FYI from the NHLBI Index

September 2005: Vol. 6, Issue 2
In the News

News from Capitol Hill

NIH Reauthorization

Capitol Dome

At a hearing on July 19, NIH Director Dr. Elias Zerhouni and members of the House Committee on Energy and Commerce discussed draft legislation to reauthorize the NIH. The proposed bill included a provision to establish within the NIH Director’s office a Division of Program Coordination, Planning, and Strategic Initiatives, which would coordinate research on topics that do not have a “home” under the present NIH structure and would develop new trans-NIH programs.

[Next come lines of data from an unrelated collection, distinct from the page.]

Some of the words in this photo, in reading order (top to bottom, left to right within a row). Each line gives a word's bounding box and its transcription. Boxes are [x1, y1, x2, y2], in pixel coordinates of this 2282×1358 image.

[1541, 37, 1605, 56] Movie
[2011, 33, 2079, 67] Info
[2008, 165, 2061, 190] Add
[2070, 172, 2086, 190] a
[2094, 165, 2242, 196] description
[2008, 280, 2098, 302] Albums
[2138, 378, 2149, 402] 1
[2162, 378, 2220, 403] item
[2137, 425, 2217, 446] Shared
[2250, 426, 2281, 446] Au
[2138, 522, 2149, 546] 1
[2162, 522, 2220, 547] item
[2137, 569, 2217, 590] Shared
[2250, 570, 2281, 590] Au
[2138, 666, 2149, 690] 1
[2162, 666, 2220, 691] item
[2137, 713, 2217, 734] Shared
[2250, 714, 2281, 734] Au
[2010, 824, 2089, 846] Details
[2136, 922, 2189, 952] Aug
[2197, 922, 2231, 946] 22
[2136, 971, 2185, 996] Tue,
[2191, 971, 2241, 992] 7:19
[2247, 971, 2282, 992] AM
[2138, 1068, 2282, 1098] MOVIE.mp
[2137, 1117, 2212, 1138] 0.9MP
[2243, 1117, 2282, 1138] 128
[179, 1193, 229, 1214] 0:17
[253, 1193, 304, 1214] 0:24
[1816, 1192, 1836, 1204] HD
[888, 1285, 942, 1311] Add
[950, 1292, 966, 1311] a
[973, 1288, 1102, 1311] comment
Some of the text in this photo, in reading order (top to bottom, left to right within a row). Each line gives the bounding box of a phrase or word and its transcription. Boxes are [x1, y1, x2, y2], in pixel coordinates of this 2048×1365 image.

Fiscal Year (FY) 2006 Appropriations Acts

On June 24, 2005, the House of Representatives passed its version of the Departments of Labor, Health and Human Services, and Education 2005 appropriations act (H.R. 3010). As requested in the President’s budget, the bill includes $2,951,270,000 for the NHLBI. This is an increase of 0.3 percent over the $2,941,201,000 that the NHLBI received in FY 2005. The Senate version, which the appropriations committee approved on July 14, includes $3,023,381,000 for the NHLBI.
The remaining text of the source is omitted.